By On Sep 01, 2019 Free Templates
Use this space to review what was discussed in previous meetings. This will give everyone context to the current meeting and a better sense of whats to come. Are there any important action items or notes from the previous meeting that need particular attention? Whats the status of each of these items? Still pending? Needs review? Completed? Identify whats needed to close any open items. After reviewing old business, go over new business topics. What new items need to be discussed? Team members should be able to contribute updates to their individual projects and action items. Keep things organized by dividing major discussion topics by subtopics. This space will help you organize the projects that need to be reviewed, started, or finished. Reviewing action items will ensure that everyone in your team is on the same page. In addition, defining who is responsible for carrying out each action item will keep everyone accountable for completing the task. What future items should everyone make note of? List out any additional discussion points that were not addressed in this meeting and new ones that should be discussed after action items are completed.
Everyone should be taking notes during the meeting (or at least recording pertinent information that applies to him/her). If there is a dedicated notetaker or secretary in charge of the minutes, this person should be taking detailed notes of everything discussed during the meeting. These notes will serve as a reference in case any questions arise after the meeting. Dont forget that there are many different types of meeting structures. Some startups and companies employ a daily stand-up meeting (also known as a daily scrum) where the whole team meets every day for a quick status update. These meetings require standing up to ensure that the meeting is short. Remember, this document is flexible and can adapt to your needs. You are not bound to the templates current structure. Continue to tweak and optimize your meeting structures and agenda template until you find the right fit by rearranging or adding elements. Whatever your use case, just make sure its organized, easy-to-follow, and keeps you on track!
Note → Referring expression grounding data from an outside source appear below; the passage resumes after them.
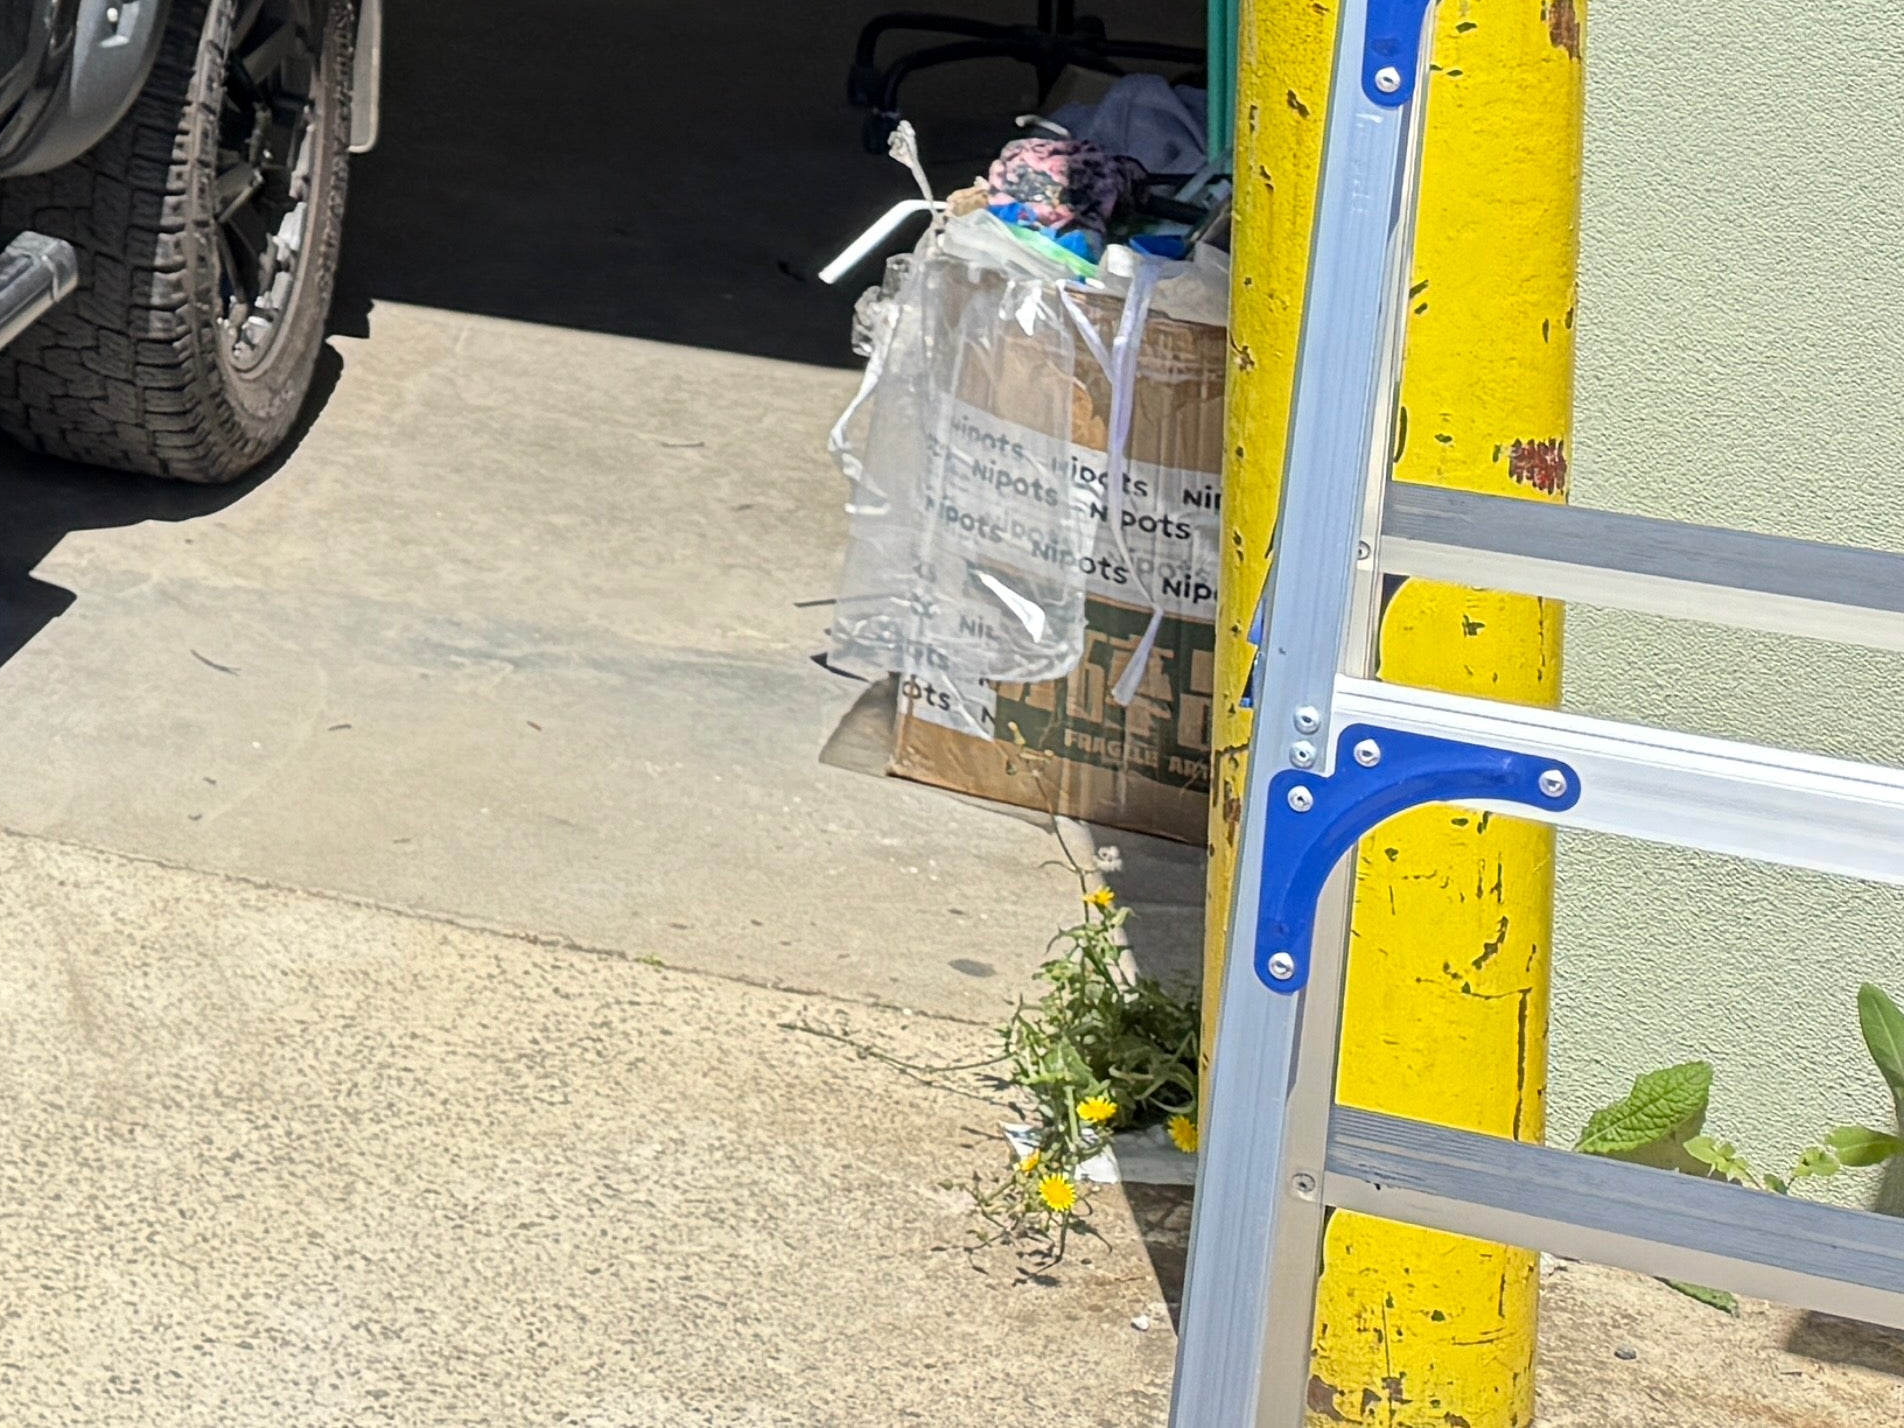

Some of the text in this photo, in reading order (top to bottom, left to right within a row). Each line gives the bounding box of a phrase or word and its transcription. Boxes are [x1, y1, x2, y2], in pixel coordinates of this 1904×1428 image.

[972, 458, 1058, 507] Nipots
[1090, 501, 1191, 540] Npots
[1031, 539, 1218, 604] Nipots Nip
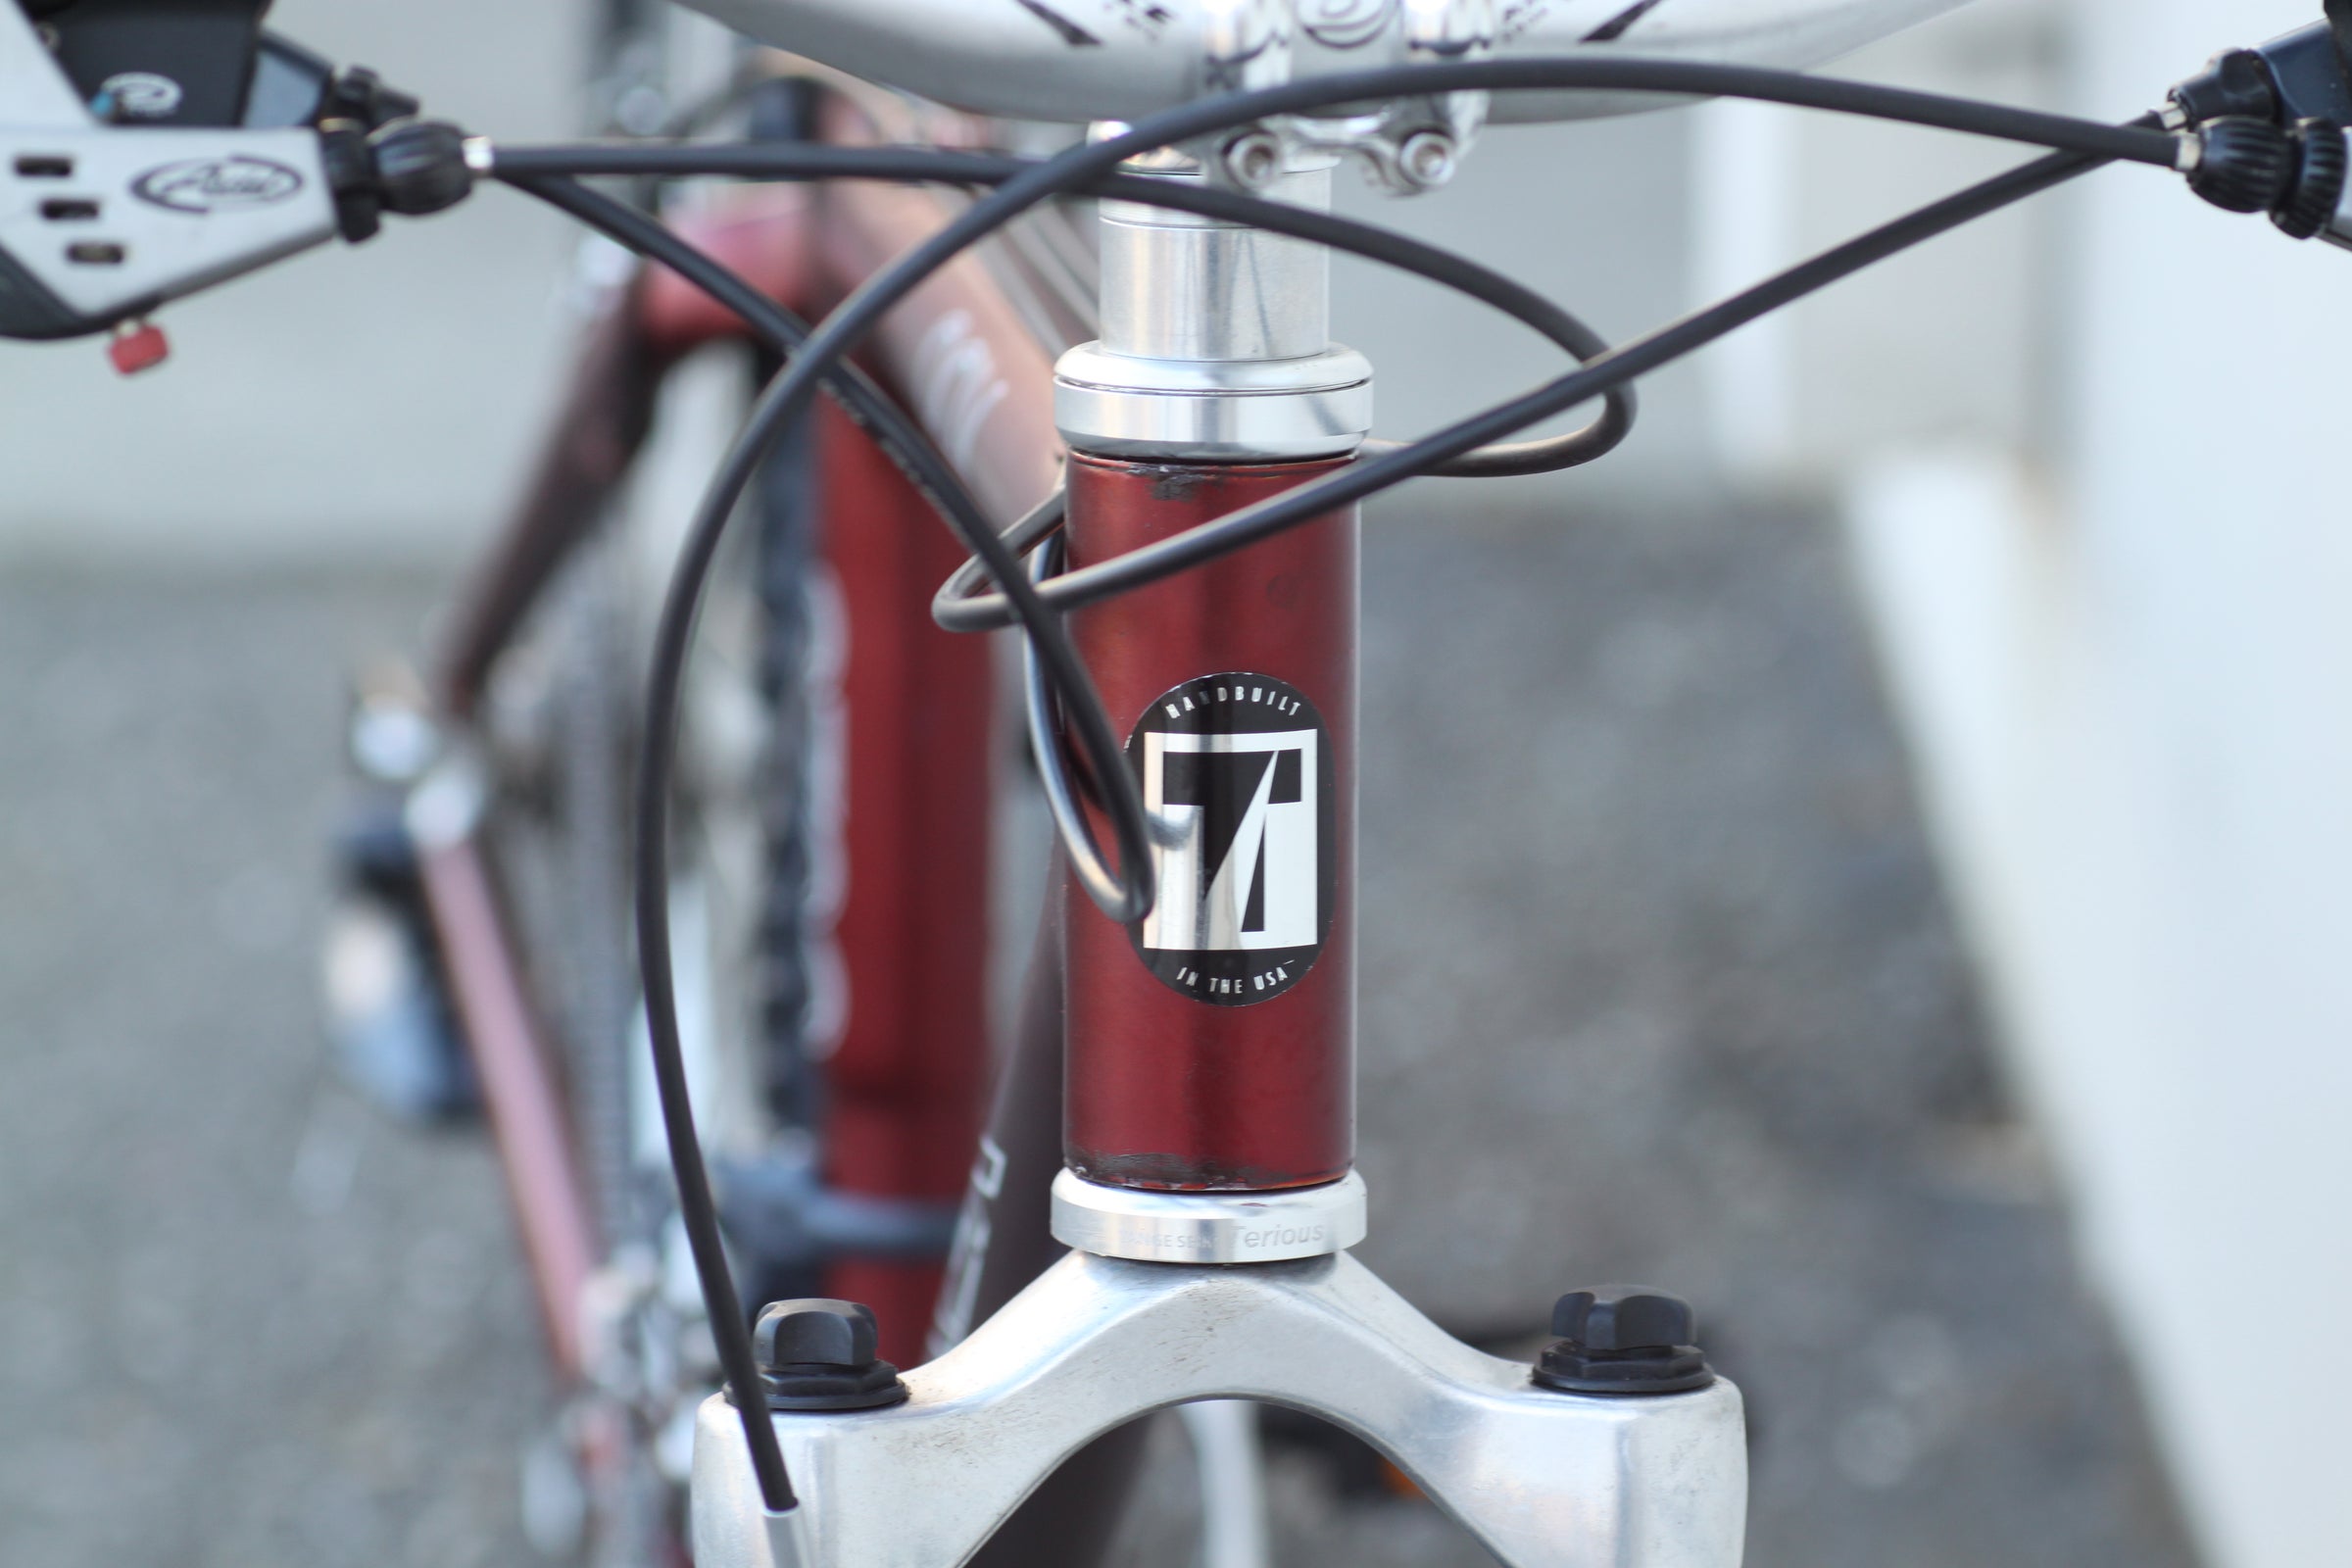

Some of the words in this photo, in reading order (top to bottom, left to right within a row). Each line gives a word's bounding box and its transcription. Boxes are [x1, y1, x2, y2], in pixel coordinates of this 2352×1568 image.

[1165, 685, 1301, 719] HANDBUILT
[1176, 966, 1200, 987] IN
[1209, 977, 1243, 994] THE
[1253, 966, 1288, 991] USA
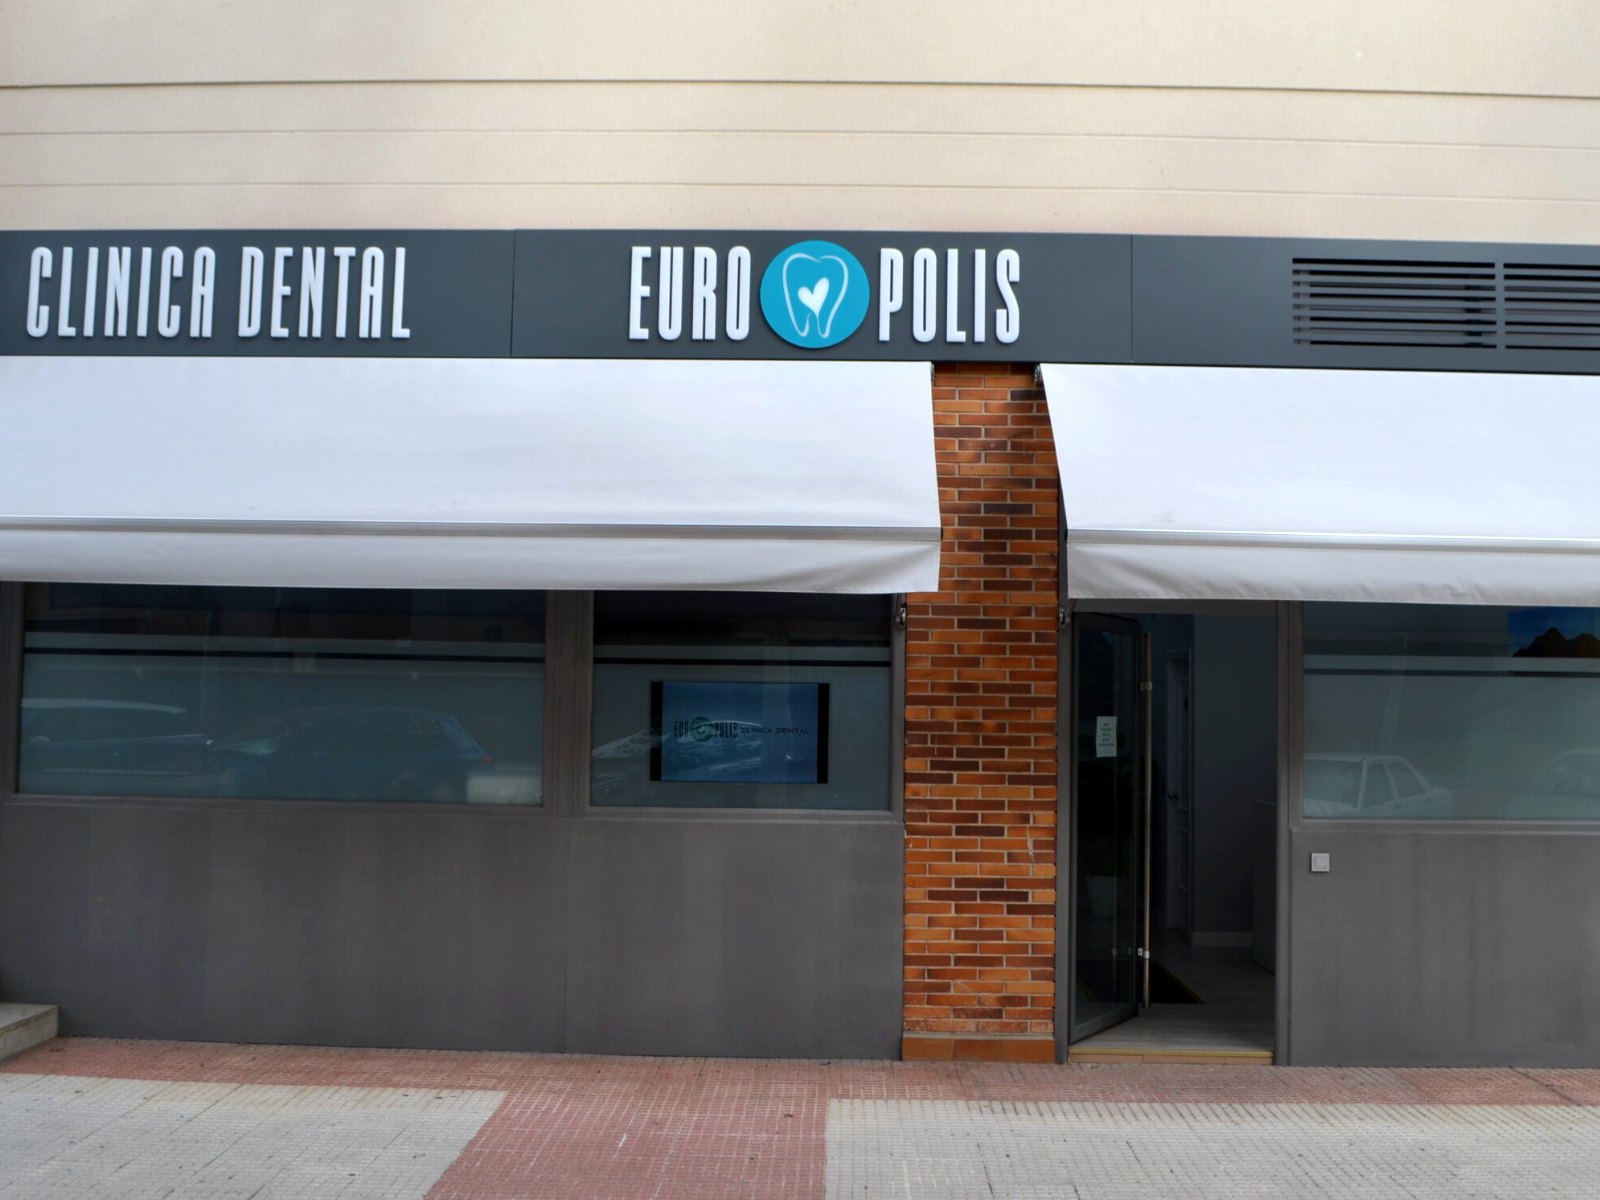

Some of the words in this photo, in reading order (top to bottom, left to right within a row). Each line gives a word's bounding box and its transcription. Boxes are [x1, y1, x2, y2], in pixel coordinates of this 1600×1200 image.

[27, 246, 217, 338] CLINICA
[238, 246, 411, 339] DENTAL
[629, 245, 752, 341] EURO
[879, 247, 1021, 343] POLIS
According to a study conducted by Verizon Business, meetings are the #1 time waster in the workplace. They are often unorganized, have no purpose and go off-topic. Its also no mistake that most of these meetings are missing a clear meeting agenda. Meeting objectives give adults a reason to meet. If there is no clear objective, there is no point in the meeting. This objective should outline exactly why you are holding a meeting and what you hope to accomplish as a result. Follow a process, whether its sent through email or printed and distributed, make sure everyone on your team knows what to expect. Sending it in advanced ensures that attendees have ample time to prepare or read through any notes they will need before the meeting and raises flags if the objective does not match their expectations.